I found it much more exciting that my parents-in-law didn't want to know anything about the stock market. 'Far too risky' said my mother-in-law and 'only for speculators', grumbled my father-in-law. This was demonstrated once again during the pandemic when share prices plummeted across the board. My objection that share prices are now higher than before the crisis didn't seem to impress them much. They must know that the parents-in-law's assets are in their property, a small part is in bonds and the rest is parked in their bank account as liquidity. In their eyes, their capital is therefore securely invested. Unfortunately, inflation is making a comeback and eroding the purchasing power of bonds and savings. Even a comparatively low inflation rate of 1.5%, as in Switzerland, eats up a fifth of purchasing power after 15 years. With a consumer price increase of almost 7%, as in the USA, this is the case after just three years. Bombproof my ass.

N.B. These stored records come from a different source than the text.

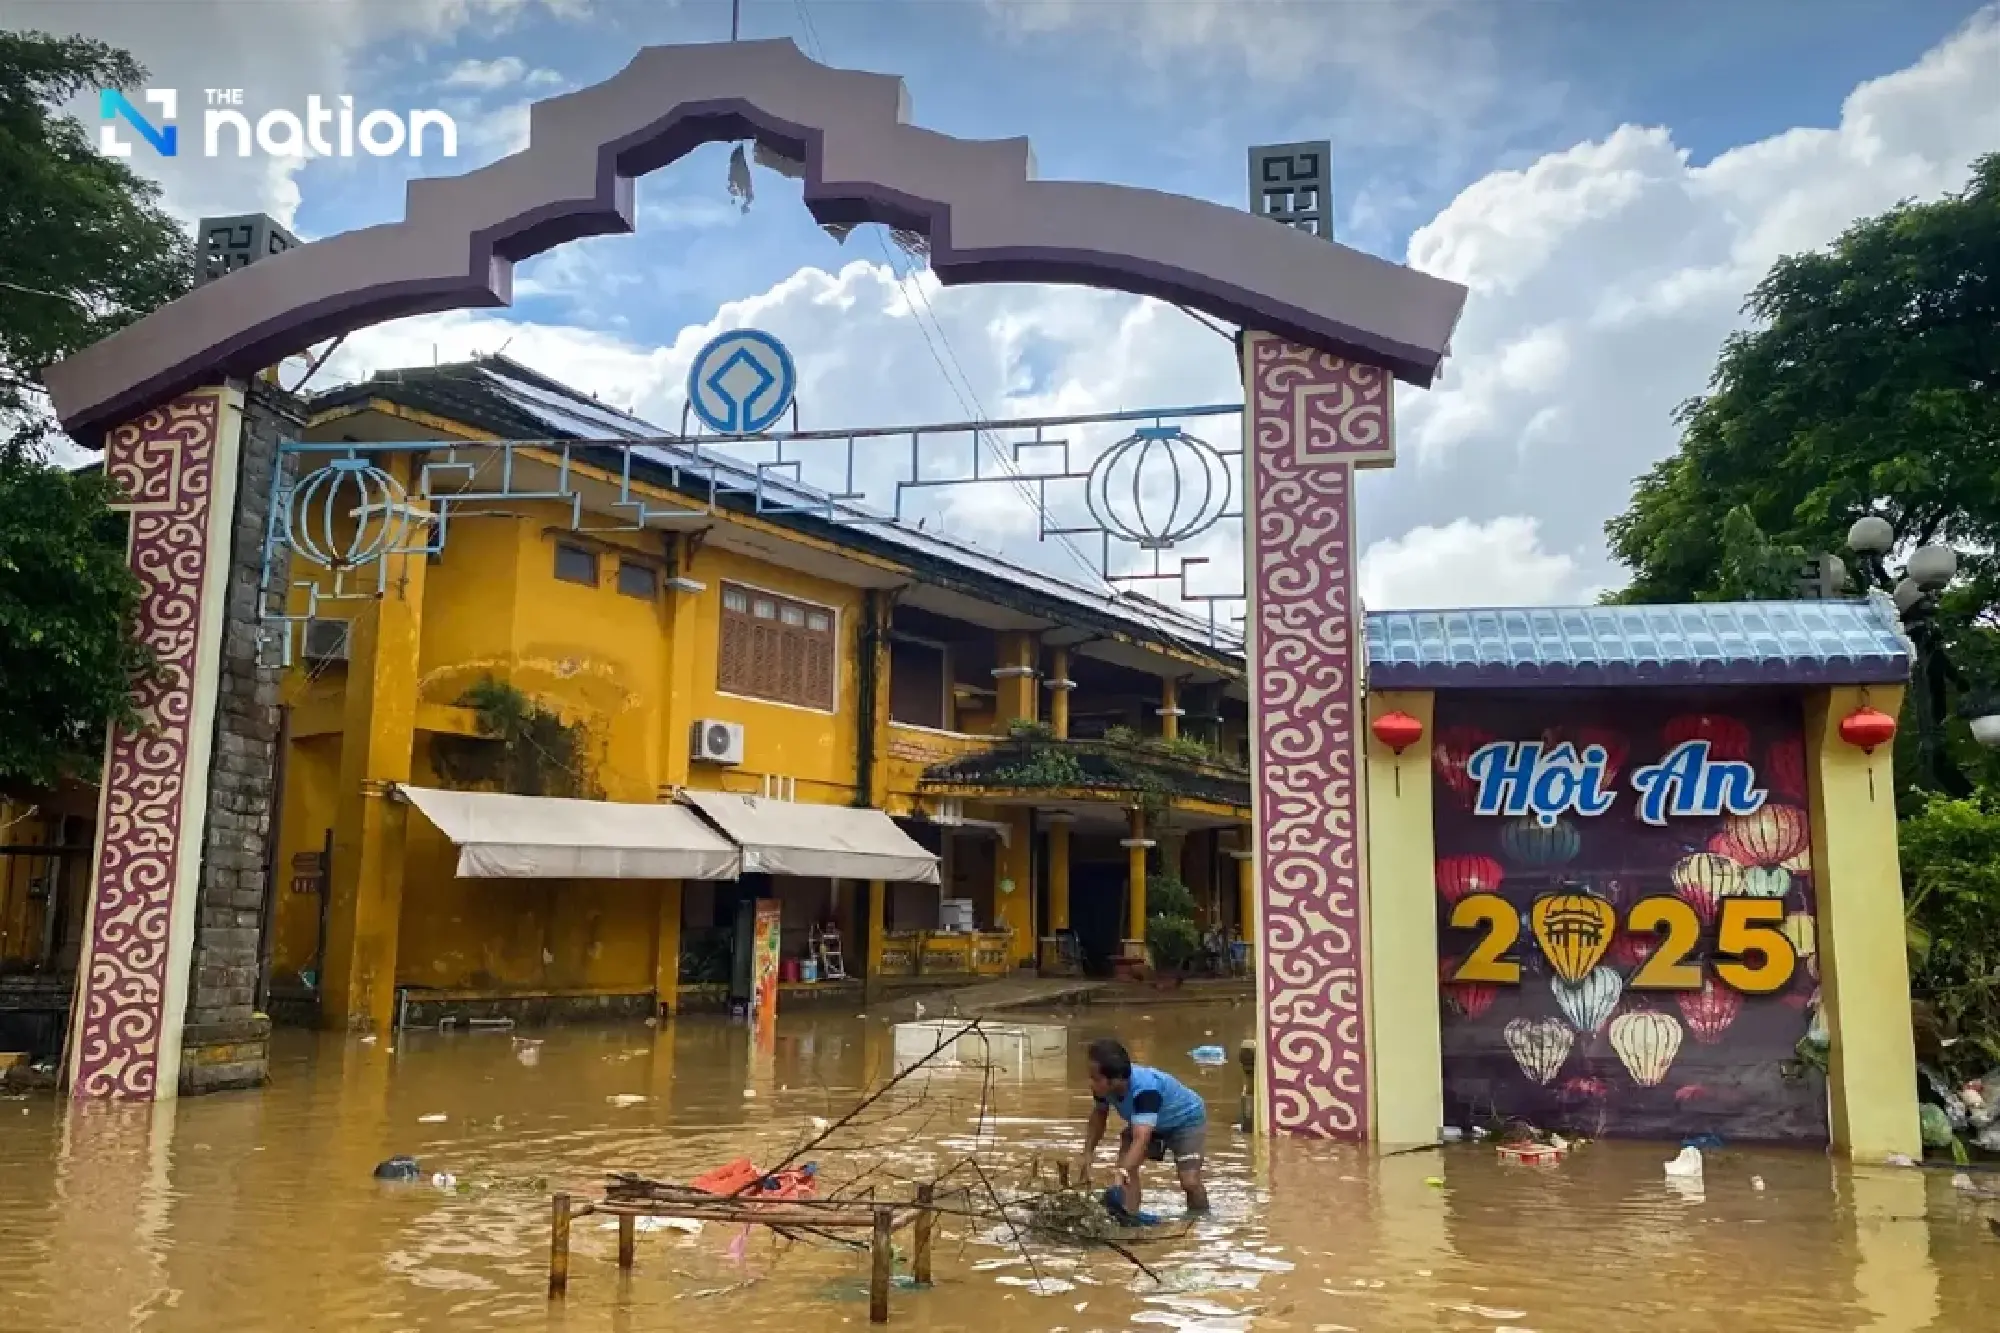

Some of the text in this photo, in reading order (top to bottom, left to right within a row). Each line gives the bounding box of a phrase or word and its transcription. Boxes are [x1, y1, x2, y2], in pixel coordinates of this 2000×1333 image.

[1467, 740, 1769, 828] Hội An
[1449, 892, 1797, 993] 2025
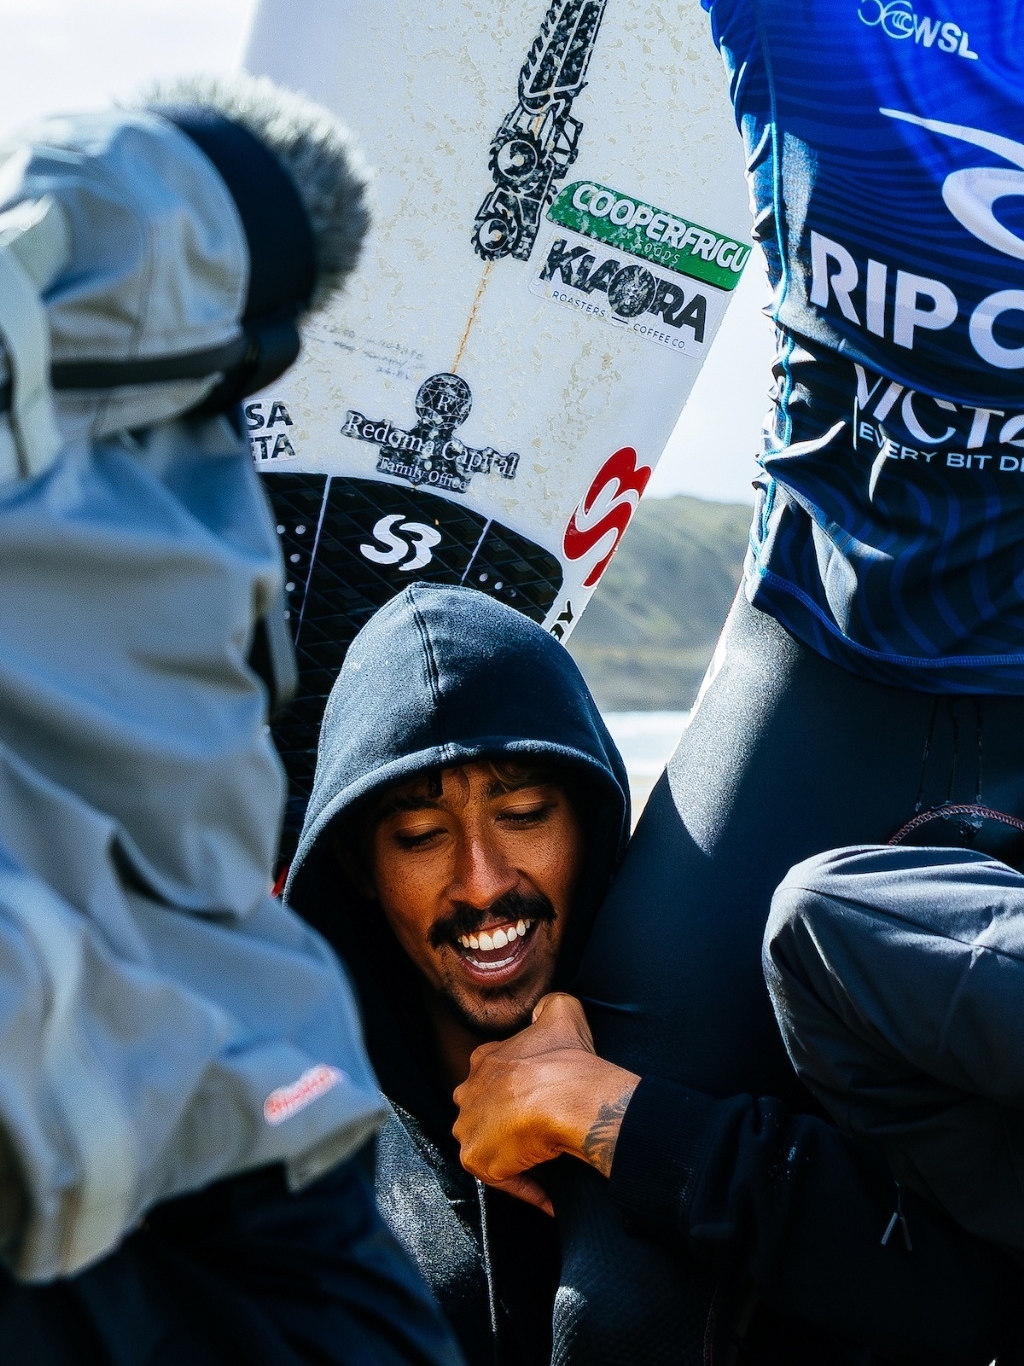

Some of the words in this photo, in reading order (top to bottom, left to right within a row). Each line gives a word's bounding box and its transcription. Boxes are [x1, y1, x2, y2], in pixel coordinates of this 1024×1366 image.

[809, 229, 959, 351] RIP
[552, 290, 606, 317] ROASTERS
[633, 323, 672, 345] COFFEE
[250, 433, 296, 460] TA
[346, 413, 436, 454] Redoma
[441, 441, 516, 477] Capital
[858, 421, 939, 463] EVERY
[946, 452, 993, 470] BIT
[380, 457, 426, 480] Family
[428, 470, 468, 491] Office
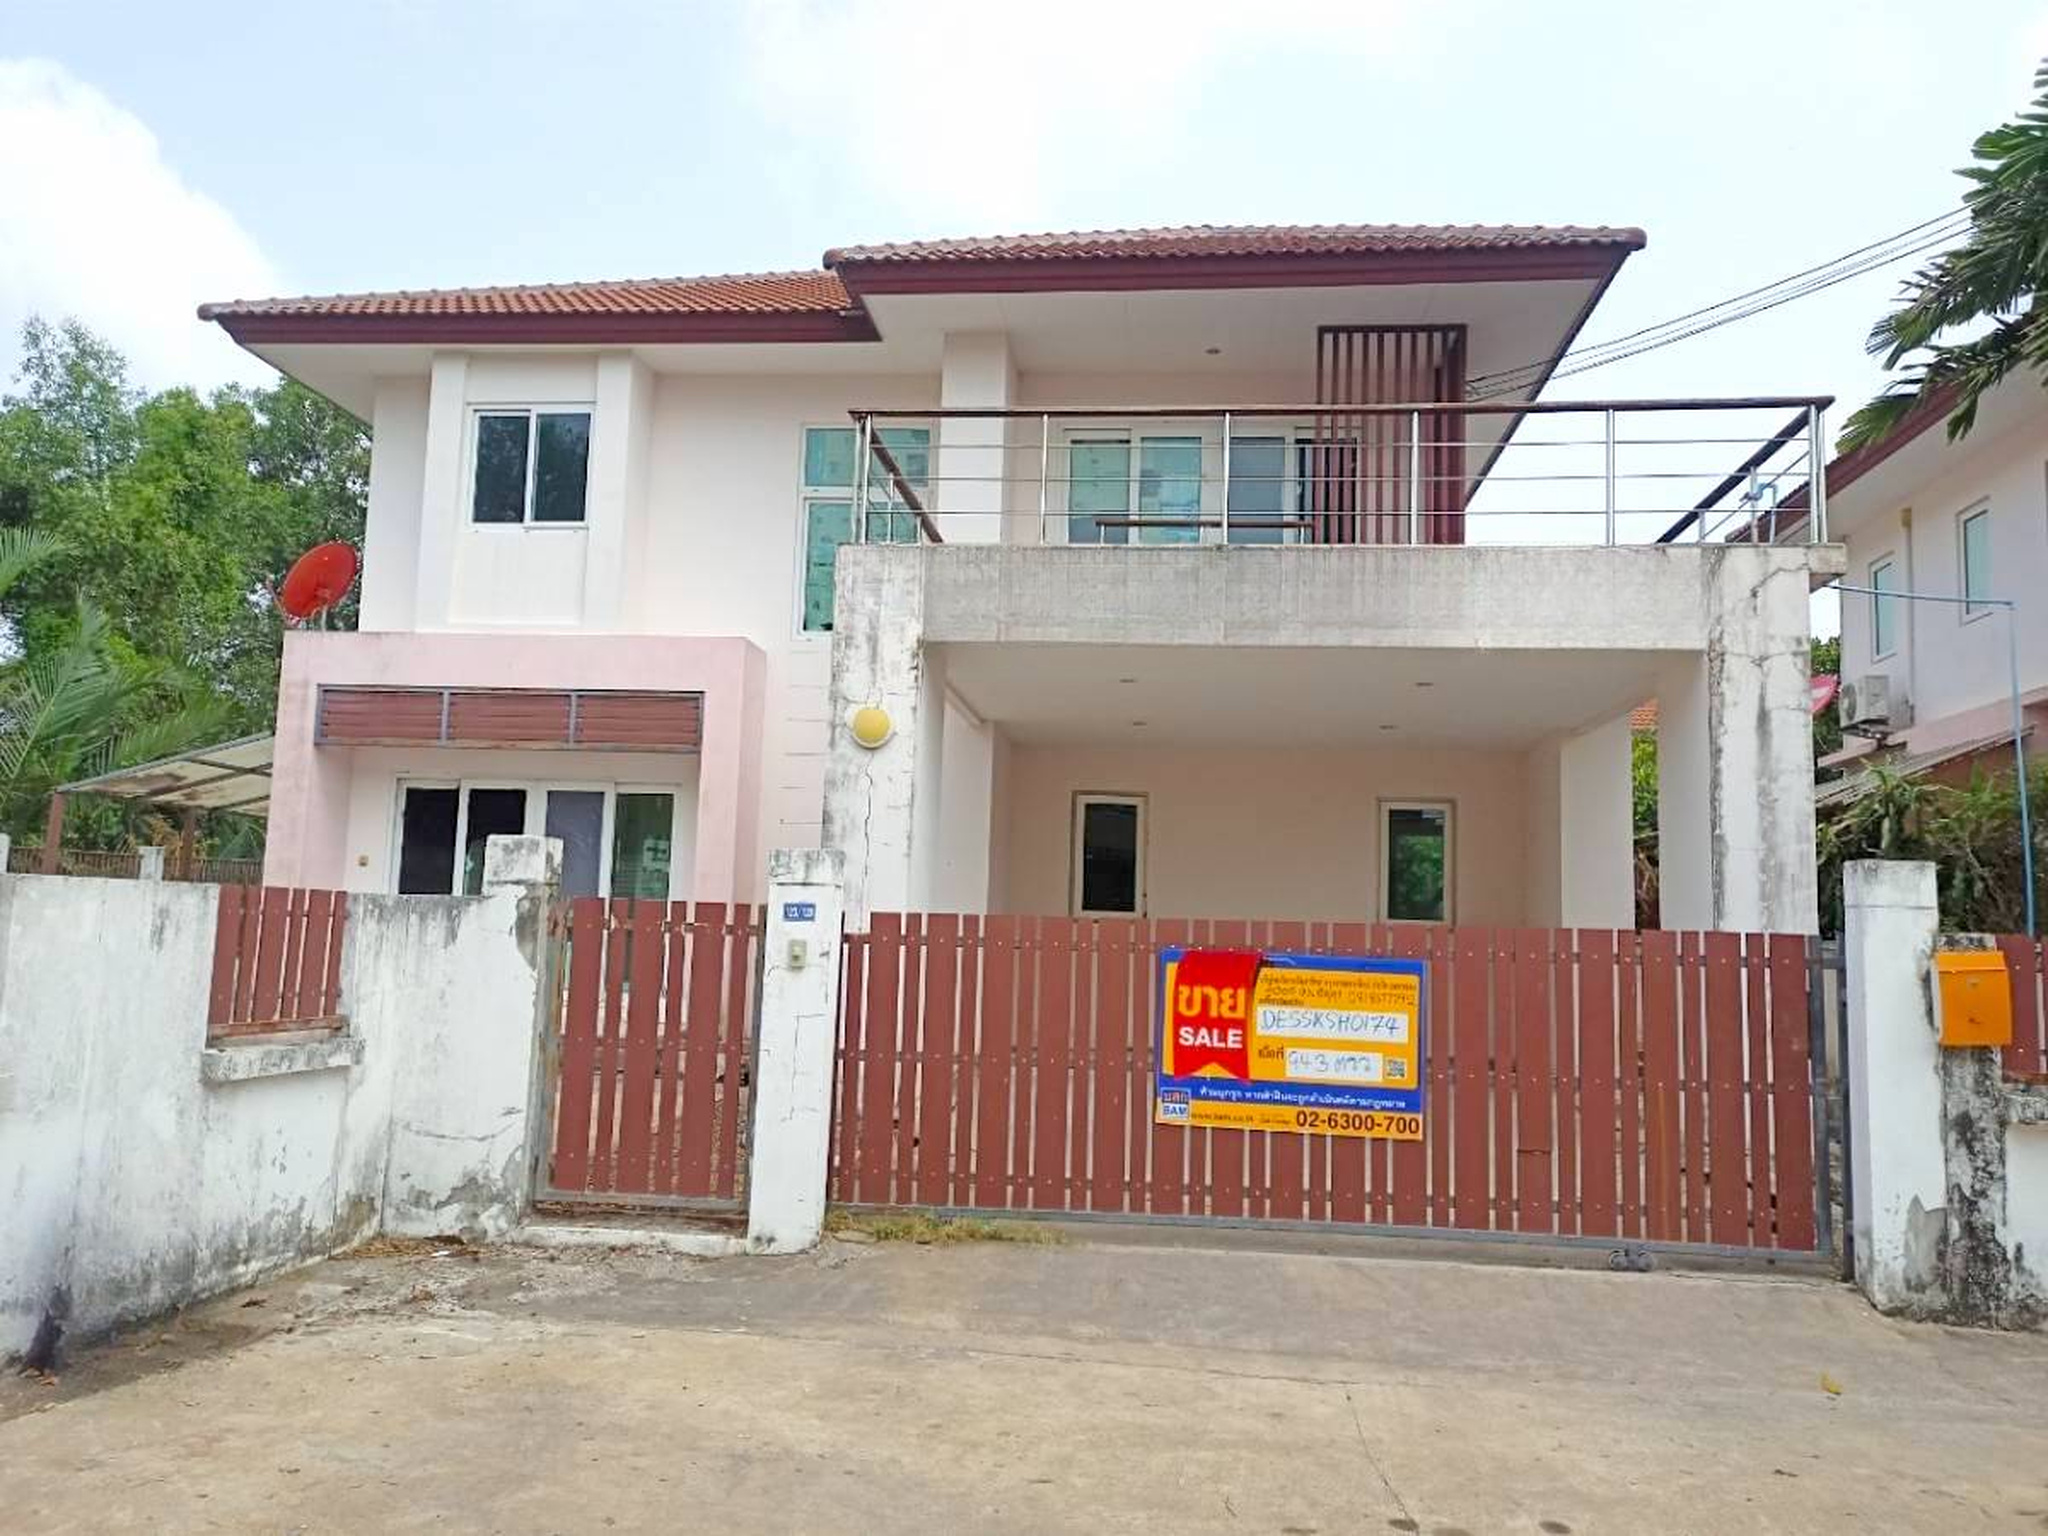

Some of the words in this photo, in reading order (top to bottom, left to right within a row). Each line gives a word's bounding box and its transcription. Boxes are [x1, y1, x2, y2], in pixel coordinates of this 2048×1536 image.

[1178, 984, 1245, 1018] ขาย
[1178, 1027, 1243, 1048] SALE
[1296, 1110, 1420, 1134] 02-6300-700

This is a nasty environment for cash or bonds. No wonder, as the latter have recorded some steep price losses this year. And what will happen to the value of the house if mortgage rates rise one day? So my parents-in-law's investments are not that safe. So just to spread the risk better, they should invest a portion in shares. In my opinion, however, the return contribution is just as important as the diversification. Bear in mind that over the past fifty years, equities have achieved an average overall performance of a good 7 % per year. No other asset class can keep up with that. So why give it up voluntarily? Sure, share prices fluctuate. But isn't it much riskier to watch your assets melt away than to invest them profitably?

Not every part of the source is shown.